Bulgaria's former and first ever EU Commissioner, Meglena Kuneva, knows all the right words to say, she is intelligent, has manged to stay away from political and/or corruption intrigue and is supported by a large number of Bulgarian intellectuals, however, her campaign has seriously lost speed. She is running as independent, but many cannot forgive her аnd forget her previous strong affiliation with the Three-Way Coalition and the party of former Tsar and PM, Simeon Saxe-Coburg, National Movement for Stability and Prosperity, NMSP, or the fact her banker husband is the son of a member of the former Communist party leadership.
From the other 15, maybe two more are worth mentioning, not because they have a chance of winning, but because they are colorful. The first one is the leader of the far-right, nationalist Ataka party, Volen Siderov, who is important because he is dangerous with his readiness to play with ethnic fire for a few more ballots, and is known for his borderline deranged behavior – screaming, shouting, shoving, and bursting in TV studios to interrupt broadcasts. The other is the most eccentric and lovable candidate for Bulgaria's presidential office, rock musician, Svetlio Vitkov, who is supported by thousands of fans saying he is the only one to not have been engaged in dirty games so far and makes for the sluggish campaign.

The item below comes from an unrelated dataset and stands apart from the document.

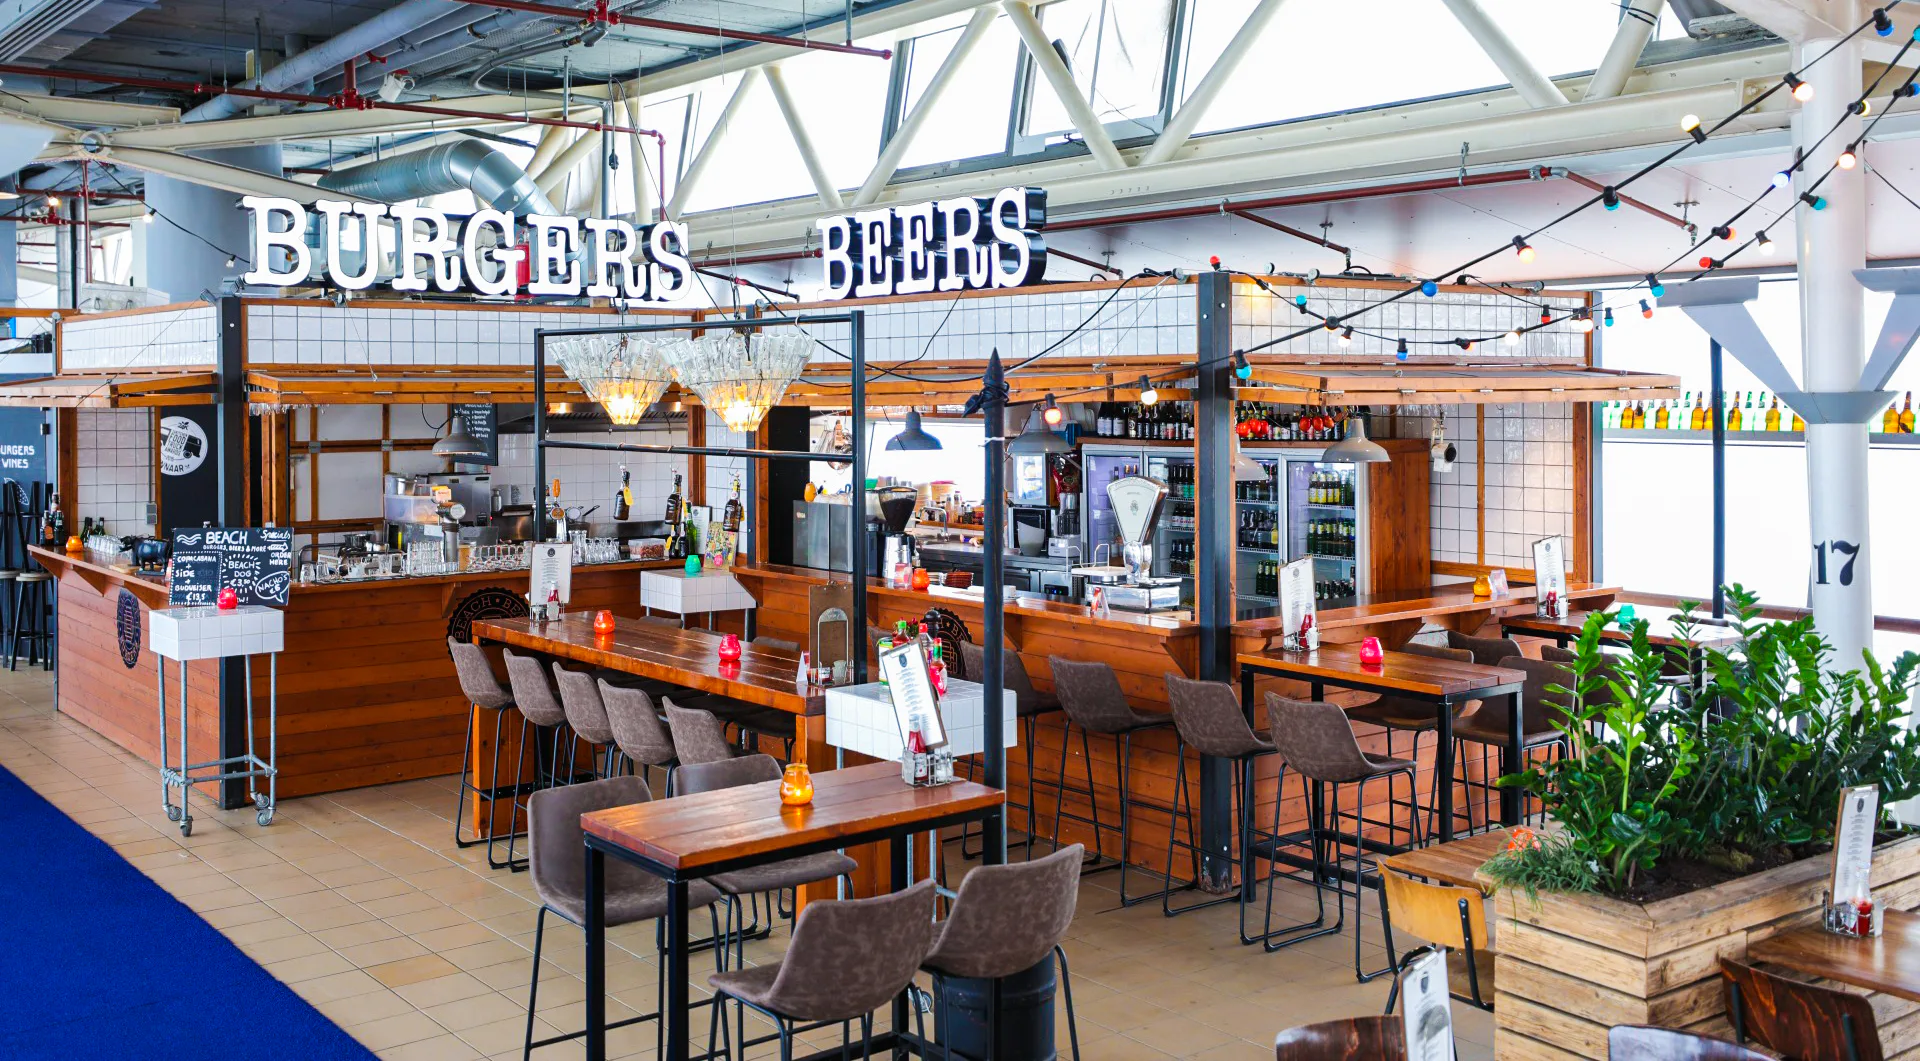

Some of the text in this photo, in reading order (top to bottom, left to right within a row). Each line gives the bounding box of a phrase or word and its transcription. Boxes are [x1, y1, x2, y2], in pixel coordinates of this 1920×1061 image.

Three weeks before Election Day, Bulgarian voters have not been presented with any sound platforms, concrete and detailed programs for the next term in office. There has not been a single televised or otherwise debate between opponents and none has been scheduled so far.
On the backdrop, the country is shaken by unrest over the discontent from the failure of the current cabinet and many others before to deal with crime, corruption, embezzlement of EU funds, and integration of minorities. Rallies at many places have turned into racist outburst against local Roma and clashes with police.
Above all this is a visibly untouched Prime Minister, who keeps cutting ribbons of roads and facilities, which the country does indeed badly need, and an absent Interior Minister, who is running an election campaign.
As a Bulgarian journalist (Ivan Bedrov, Deputy Editor in Chief at Pari Business Daily) wrote on his Facebook wall after Bulgaria's rhythmic gymnastics team won gold at the World Championship (also marred by a scandal) – Bulgaria is a very good place for the ribbons and clubs combination – the ribbons we cut, the clubs we carry with us on the streets.